* [The data]
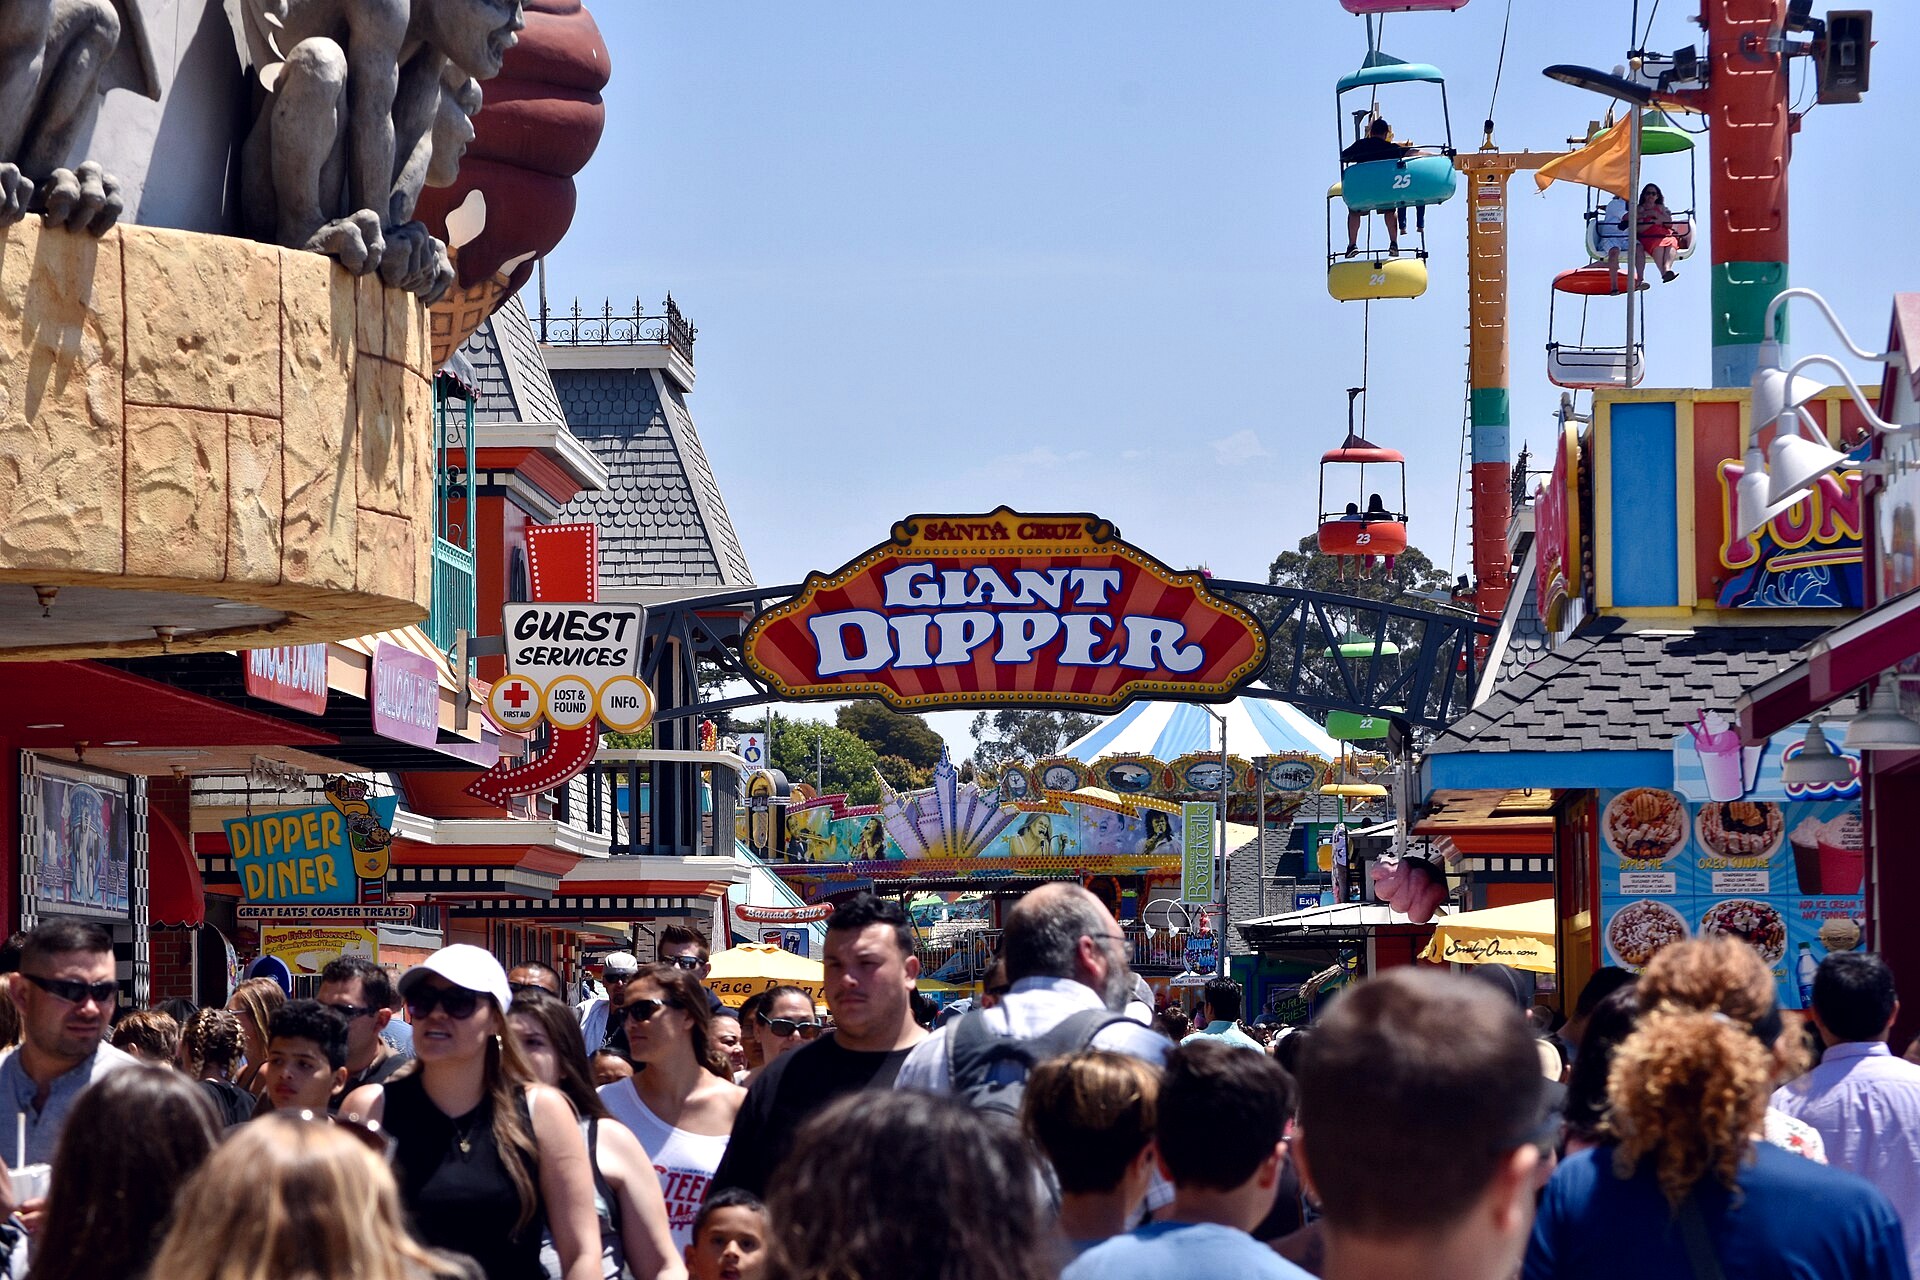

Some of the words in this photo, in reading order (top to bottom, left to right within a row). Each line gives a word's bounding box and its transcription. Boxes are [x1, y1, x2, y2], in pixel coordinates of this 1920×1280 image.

[1392, 174, 1411, 189] 25
[1369, 273, 1386, 287] 24
[924, 519, 1011, 541] SANTA
[1017, 522, 1083, 541] CRUZ
[1356, 533, 1371, 546] 23
[883, 562, 1123, 609] GIANT
[513, 609, 636, 642] GUEST
[809, 609, 1206, 678] DIPPER
[515, 646, 628, 667] SERVICES
[554, 690, 577, 701] LOST
[578, 690, 585, 700] &
[610, 695, 640, 709] INFO.
[554, 702, 586, 713] FOUND
[1360, 719, 1373, 729] 22
[230, 810, 342, 859] DIPPER
[1188, 805, 1210, 901] Boardwalk
[1619, 859, 1645, 870] APPLE
[1698, 858, 1728, 869] OREO
[1731, 857, 1769, 869] SUNDAE
[245, 853, 338, 899] DINER
[1299, 897, 1317, 906] Exit
[238, 907, 273, 917] GREAT
[277, 907, 308, 917] EATS!
[311, 907, 361, 917] COASTER
[363, 907, 409, 917] TREATS!
[746, 908, 794, 919] Barnacle
[796, 908, 826, 919] Bill's
[1821, 911, 1850, 920] FUNNEL
[264, 934, 287, 945] Deep
[288, 930, 313, 942] Fried
[313, 929, 362, 941] Cheesecake
[710, 980, 752, 994] Face
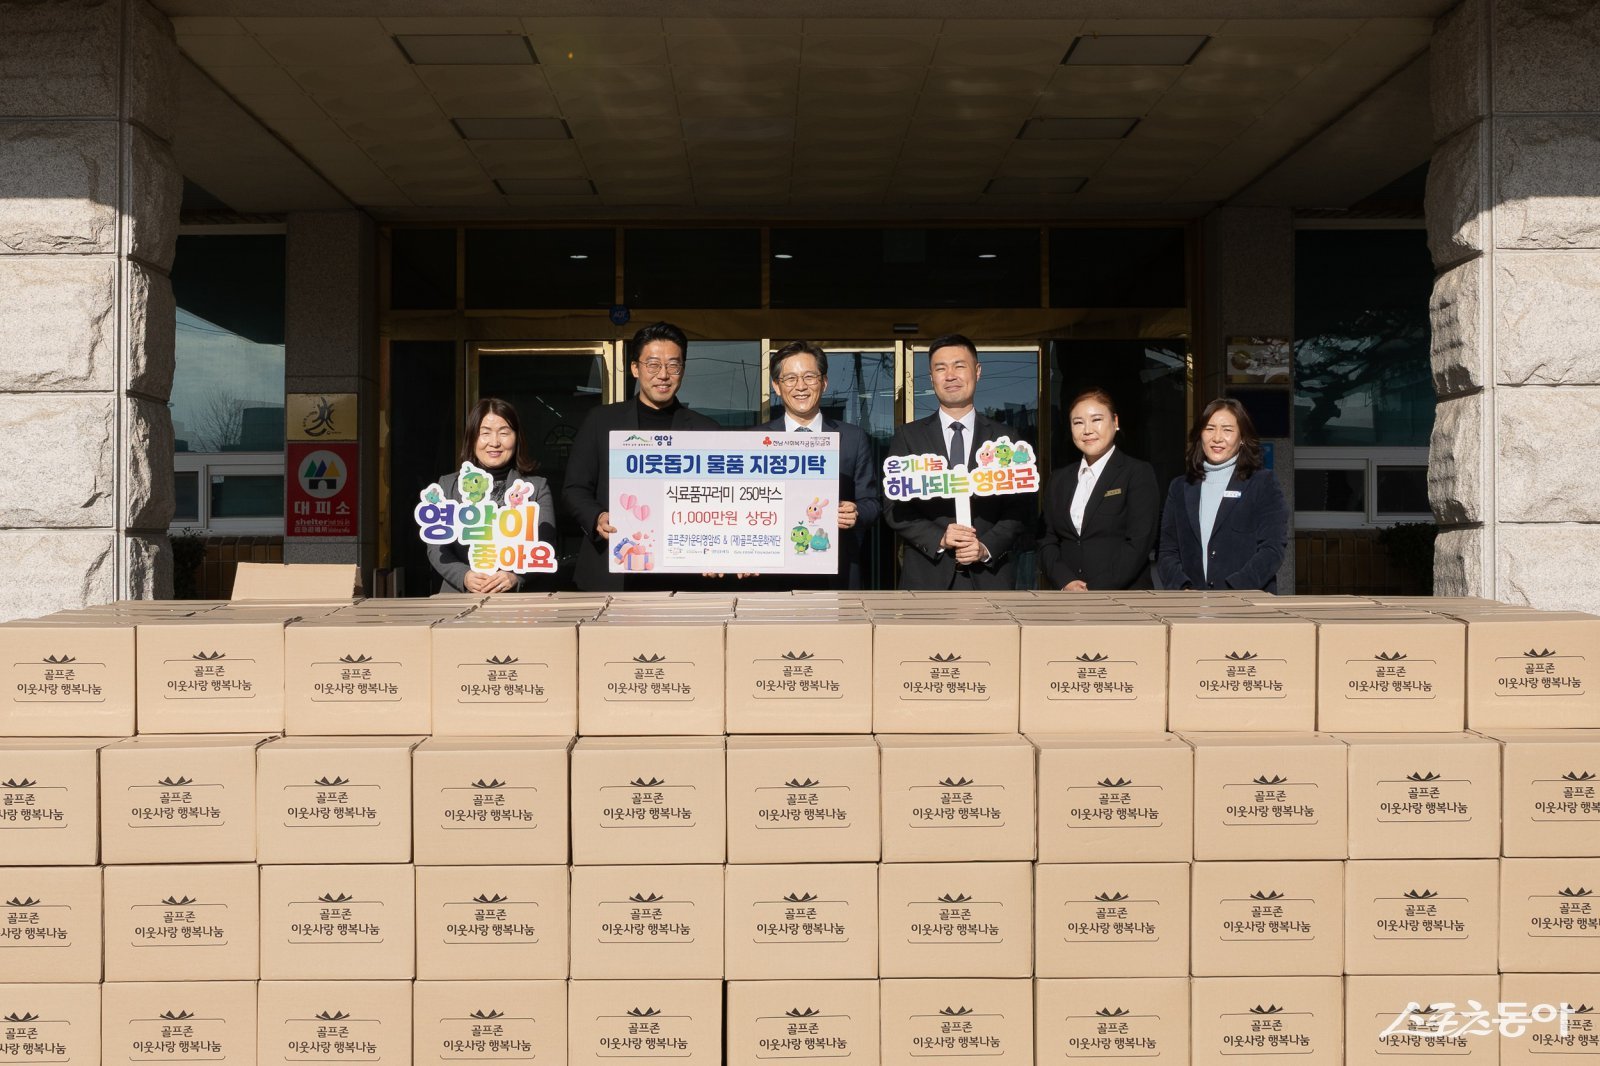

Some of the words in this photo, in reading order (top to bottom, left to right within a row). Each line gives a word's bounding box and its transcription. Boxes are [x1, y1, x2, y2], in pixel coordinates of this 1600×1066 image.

[654, 435, 673, 447] 영암
[626, 454, 701, 475] 이웃돕기
[706, 454, 745, 475] 물품
[749, 454, 827, 475] 지정기탁
[886, 457, 944, 474] 온기나눔
[886, 473, 970, 497] 하나되는
[972, 467, 1036, 492] 영암군
[666, 485, 735, 504] 식료품꾸러미
[739, 485, 784, 504] 250박스
[294, 501, 351, 516] 대피소
[295, 518, 328, 526] shelter
[418, 503, 537, 543] 영암이
[671, 510, 739, 527] (1,000만원
[745, 510, 778, 527] 상당)
[723, 534, 729, 545] &
[730, 534, 782, 547] (재)골프존문화재단
[472, 542, 554, 570] 좋아요
[43, 669, 76, 681] 골프존
[193, 665, 226, 678] 골프존
[340, 668, 372, 681] 골프존
[487, 669, 519, 682] 골프존
[633, 667, 665, 680] 골프존
[782, 665, 814, 678] 골프존
[929, 667, 961, 680] 골프존
[1076, 667, 1108, 680] 골프존
[1225, 665, 1257, 678] 골프존
[1375, 665, 1407, 678] 골프존
[1524, 662, 1556, 675] 골프존
[16, 683, 59, 696] 이웃사랑
[60, 683, 103, 696] 행복나눔
[166, 679, 209, 693] 이웃사랑
[210, 679, 253, 693] 행복나눔
[314, 682, 356, 695] 이웃사랑
[357, 682, 399, 695] 행복나눔
[460, 683, 502, 697] 이웃사랑
[503, 683, 545, 697] 행복나눔
[607, 682, 649, 695] 이웃사랑
[650, 682, 692, 695] 행복나눔
[755, 679, 798, 692] 이웃사랑
[798, 679, 841, 692] 행복나눔
[902, 681, 945, 694] 이웃사랑
[946, 681, 988, 694] 행복나눔
[1050, 681, 1092, 694] 이웃사랑
[1093, 681, 1135, 694] 행복나눔
[1199, 679, 1241, 692] 이웃사랑
[1242, 679, 1284, 692] 행복나눔
[1348, 680, 1390, 693] 이웃사랑
[1391, 680, 1433, 693] 행복나눔
[1498, 676, 1540, 690] 이웃사랑
[1541, 676, 1582, 690] 행복나눔
[159, 791, 193, 805] 골프존
[315, 791, 349, 805] 골프존
[631, 792, 665, 805] 골프존
[786, 793, 819, 806] 골프존
[940, 792, 974, 805] 골프존
[1098, 792, 1132, 806] 골프존
[1254, 790, 1287, 803] 골프존
[1407, 786, 1441, 800] 골프존
[1562, 786, 1596, 799] 골프존
[2, 793, 36, 807] 골프존
[472, 793, 506, 807] 골프존
[20, 808, 65, 822] 행복나눔
[131, 806, 176, 820] 이웃사랑
[177, 806, 222, 820] 행복나눔
[287, 806, 332, 820] 이웃사랑
[333, 806, 377, 820] 행복나눔
[444, 808, 489, 822] 이웃사랑
[490, 808, 534, 822] 행복나눔
[603, 807, 647, 821] 이웃사랑
[648, 807, 693, 821] 행복나눔
[758, 807, 802, 822] 이웃사랑
[803, 807, 848, 822] 행복나눔
[912, 807, 956, 821] 이웃사랑
[957, 807, 1002, 821] 행복나눔
[1070, 807, 1115, 821] 이웃사랑
[1115, 807, 1160, 821] 행복나눔
[1226, 804, 1270, 818] 이웃사랑
[1271, 804, 1315, 818] 행복나눔
[1379, 801, 1424, 815] 이웃사랑
[1425, 801, 1469, 815] 행복나눔
[1534, 801, 1579, 815] 이웃사랑
[319, 908, 353, 921] 골프존
[474, 908, 508, 922] 골프존
[629, 907, 663, 921] 골프존
[784, 907, 818, 921] 골프존
[938, 908, 972, 921] 골프존
[1095, 906, 1129, 920] 골프존
[1250, 905, 1284, 919] 골프존
[1404, 904, 1438, 917] 골프존
[1559, 902, 1592, 915] 골프존
[7, 912, 40, 925] 골프존
[162, 910, 196, 924] 골프존
[1530, 917, 1575, 931] 이웃사랑
[134, 925, 179, 940] 이웃사랑
[180, 925, 225, 940] 행복나눔
[291, 923, 335, 937] 이웃사랑
[336, 923, 381, 937] 행복나눔
[446, 923, 490, 937] 이웃사랑
[491, 923, 536, 937] 행복나눔
[601, 922, 646, 936] 이웃사랑
[647, 922, 691, 936] 행복나눔
[756, 922, 801, 936] 이웃사랑
[801, 922, 846, 936] 행복나눔
[910, 923, 955, 937] 이웃사랑
[956, 923, 1000, 937] 행복나눔
[1067, 921, 1111, 935] 이웃사랑
[1112, 921, 1156, 935] 행복나눔
[1223, 920, 1267, 934] 이웃사랑
[1268, 920, 1312, 934] 행복나눔
[1376, 919, 1420, 932] 이웃사랑
[1421, 919, 1466, 932] 행복나눔
[24, 927, 69, 941] 행복나눔
[160, 1025, 194, 1039] 골프존
[316, 1025, 350, 1039] 골프존
[471, 1024, 504, 1038] 골프존
[627, 1022, 661, 1035] 골프존
[786, 1022, 820, 1036] 골프존
[940, 1020, 973, 1034] 골프존
[1096, 1022, 1129, 1035] 골프존
[1250, 1019, 1283, 1033] 골프존
[4, 1027, 39, 1041] 골프존
[1223, 1033, 1266, 1048] 이웃사랑
[1267, 1033, 1311, 1048] 행복나눔
[22, 1042, 67, 1056] 행복나눔
[132, 1040, 177, 1054] 이웃사랑
[178, 1040, 223, 1054] 행복나눔
[288, 1040, 332, 1054] 이웃사랑
[333, 1040, 378, 1054] 행복나눔
[443, 1039, 487, 1053] 이웃사랑
[488, 1039, 532, 1053] 행복나눔
[599, 1037, 644, 1050] 이웃사랑
[644, 1037, 689, 1050] 행복나눔
[759, 1037, 803, 1052] 이웃사랑
[804, 1037, 848, 1052] 행복나눔
[912, 1035, 956, 1049] 이웃사랑
[957, 1035, 1001, 1049] 행복나눔
[1068, 1037, 1112, 1051] 이웃사랑
[1114, 1037, 1157, 1051] 행복나눔

* [Activity]
Return every entry word for word, but drop any pictures.

* [Your response]
Some of the words in this photo, in reading order (top to bottom, left to right within a row). Each line gives a word's bounding box and its transcription. Boxes are [x1, y1, x2, y2], in pixel coordinates of this 1920×1280 image.

[1392, 174, 1411, 189] 25
[1369, 273, 1386, 287] 24
[924, 519, 1011, 541] SANTA
[1017, 522, 1083, 541] CRUZ
[1356, 533, 1371, 546] 23
[883, 562, 1123, 609] GIANT
[513, 609, 636, 642] GUEST
[809, 609, 1206, 678] DIPPER
[515, 646, 628, 667] SERVICES
[554, 690, 577, 701] LOST
[578, 690, 585, 700] &
[610, 695, 640, 709] INFO.
[554, 702, 586, 713] FOUND
[1360, 719, 1373, 729] 22
[230, 810, 342, 859] DIPPER
[1188, 805, 1210, 901] Boardwalk
[1619, 859, 1645, 870] APPLE
[1698, 858, 1728, 869] OREO
[1731, 857, 1769, 869] SUNDAE
[245, 853, 338, 899] DINER
[1299, 897, 1317, 906] Exit
[238, 907, 273, 917] GREAT
[277, 907, 308, 917] EATS!
[311, 907, 361, 917] COASTER
[363, 907, 409, 917] TREATS!
[746, 908, 794, 919] Barnacle
[796, 908, 826, 919] Bill's
[1821, 911, 1850, 920] FUNNEL
[264, 934, 287, 945] Deep
[288, 930, 313, 942] Fried
[313, 929, 362, 941] Cheesecake
[710, 980, 752, 994] Face

Some of the words in this photo, in reading order (top to bottom, left to right within a row). Each line gives a word's bounding box and its transcription. Boxes are [x1, y1, x2, y2], in pixel coordinates of this 1600×1066 image.

[654, 435, 673, 447] 영암
[626, 454, 701, 475] 이웃돕기
[706, 454, 745, 475] 물품
[749, 454, 827, 475] 지정기탁
[886, 457, 944, 474] 온기나눔
[886, 473, 970, 497] 하나되는
[972, 467, 1036, 492] 영암군
[666, 485, 735, 504] 식료품꾸러미
[739, 485, 784, 504] 250박스
[294, 501, 351, 516] 대피소
[295, 518, 328, 526] shelter
[418, 503, 537, 543] 영암이
[671, 510, 739, 527] (1,000만원
[745, 510, 778, 527] 상당)
[723, 534, 729, 545] &
[730, 534, 782, 547] (재)골프존문화재단
[472, 542, 554, 570] 좋아요
[43, 669, 76, 681] 골프존
[193, 665, 226, 678] 골프존
[340, 668, 372, 681] 골프존
[487, 669, 519, 682] 골프존
[633, 667, 665, 680] 골프존
[782, 665, 814, 678] 골프존
[929, 667, 961, 680] 골프존
[1076, 667, 1108, 680] 골프존
[1225, 665, 1257, 678] 골프존
[1375, 665, 1407, 678] 골프존
[1524, 662, 1556, 675] 골프존
[16, 683, 59, 696] 이웃사랑
[60, 683, 103, 696] 행복나눔
[166, 679, 209, 693] 이웃사랑
[210, 679, 253, 693] 행복나눔
[314, 682, 356, 695] 이웃사랑
[357, 682, 399, 695] 행복나눔
[460, 683, 502, 697] 이웃사랑
[503, 683, 545, 697] 행복나눔
[607, 682, 649, 695] 이웃사랑
[650, 682, 692, 695] 행복나눔
[755, 679, 798, 692] 이웃사랑
[798, 679, 841, 692] 행복나눔
[902, 681, 945, 694] 이웃사랑
[946, 681, 988, 694] 행복나눔
[1050, 681, 1092, 694] 이웃사랑
[1093, 681, 1135, 694] 행복나눔
[1199, 679, 1241, 692] 이웃사랑
[1242, 679, 1284, 692] 행복나눔
[1348, 680, 1390, 693] 이웃사랑
[1391, 680, 1433, 693] 행복나눔
[1498, 676, 1540, 690] 이웃사랑
[1541, 676, 1582, 690] 행복나눔
[159, 791, 193, 805] 골프존
[315, 791, 349, 805] 골프존
[631, 792, 665, 805] 골프존
[786, 793, 819, 806] 골프존
[940, 792, 974, 805] 골프존
[1098, 792, 1132, 806] 골프존
[1254, 790, 1287, 803] 골프존
[1407, 786, 1441, 800] 골프존
[1562, 786, 1596, 799] 골프존
[2, 793, 36, 807] 골프존
[472, 793, 506, 807] 골프존
[20, 808, 65, 822] 행복나눔
[131, 806, 176, 820] 이웃사랑
[177, 806, 222, 820] 행복나눔
[287, 806, 332, 820] 이웃사랑
[333, 806, 377, 820] 행복나눔
[444, 808, 489, 822] 이웃사랑
[490, 808, 534, 822] 행복나눔
[603, 807, 647, 821] 이웃사랑
[648, 807, 693, 821] 행복나눔
[758, 807, 802, 822] 이웃사랑
[803, 807, 848, 822] 행복나눔
[912, 807, 956, 821] 이웃사랑
[957, 807, 1002, 821] 행복나눔
[1070, 807, 1115, 821] 이웃사랑
[1115, 807, 1160, 821] 행복나눔
[1226, 804, 1270, 818] 이웃사랑
[1271, 804, 1315, 818] 행복나눔
[1379, 801, 1424, 815] 이웃사랑
[1425, 801, 1469, 815] 행복나눔
[1534, 801, 1579, 815] 이웃사랑
[319, 908, 353, 921] 골프존
[474, 908, 508, 922] 골프존
[629, 907, 663, 921] 골프존
[784, 907, 818, 921] 골프존
[938, 908, 972, 921] 골프존
[1095, 906, 1129, 920] 골프존
[1250, 905, 1284, 919] 골프존
[1404, 904, 1438, 917] 골프존
[1559, 902, 1592, 915] 골프존
[7, 912, 40, 925] 골프존
[162, 910, 196, 924] 골프존
[1530, 917, 1575, 931] 이웃사랑
[134, 925, 179, 940] 이웃사랑
[180, 925, 225, 940] 행복나눔
[291, 923, 335, 937] 이웃사랑
[336, 923, 381, 937] 행복나눔
[446, 923, 490, 937] 이웃사랑
[491, 923, 536, 937] 행복나눔
[601, 922, 646, 936] 이웃사랑
[647, 922, 691, 936] 행복나눔
[756, 922, 801, 936] 이웃사랑
[801, 922, 846, 936] 행복나눔
[910, 923, 955, 937] 이웃사랑
[956, 923, 1000, 937] 행복나눔
[1067, 921, 1111, 935] 이웃사랑
[1112, 921, 1156, 935] 행복나눔
[1223, 920, 1267, 934] 이웃사랑
[1268, 920, 1312, 934] 행복나눔
[1376, 919, 1420, 932] 이웃사랑
[1421, 919, 1466, 932] 행복나눔
[24, 927, 69, 941] 행복나눔
[160, 1025, 194, 1039] 골프존
[316, 1025, 350, 1039] 골프존
[471, 1024, 504, 1038] 골프존
[627, 1022, 661, 1035] 골프존
[786, 1022, 820, 1036] 골프존
[940, 1020, 973, 1034] 골프존
[1096, 1022, 1129, 1035] 골프존
[1250, 1019, 1283, 1033] 골프존
[4, 1027, 39, 1041] 골프존
[1223, 1033, 1266, 1048] 이웃사랑
[1267, 1033, 1311, 1048] 행복나눔
[22, 1042, 67, 1056] 행복나눔
[132, 1040, 177, 1054] 이웃사랑
[178, 1040, 223, 1054] 행복나눔
[288, 1040, 332, 1054] 이웃사랑
[333, 1040, 378, 1054] 행복나눔
[443, 1039, 487, 1053] 이웃사랑
[488, 1039, 532, 1053] 행복나눔
[599, 1037, 644, 1050] 이웃사랑
[644, 1037, 689, 1050] 행복나눔
[759, 1037, 803, 1052] 이웃사랑
[804, 1037, 848, 1052] 행복나눔
[912, 1035, 956, 1049] 이웃사랑
[957, 1035, 1001, 1049] 행복나눔
[1068, 1037, 1112, 1051] 이웃사랑
[1114, 1037, 1157, 1051] 행복나눔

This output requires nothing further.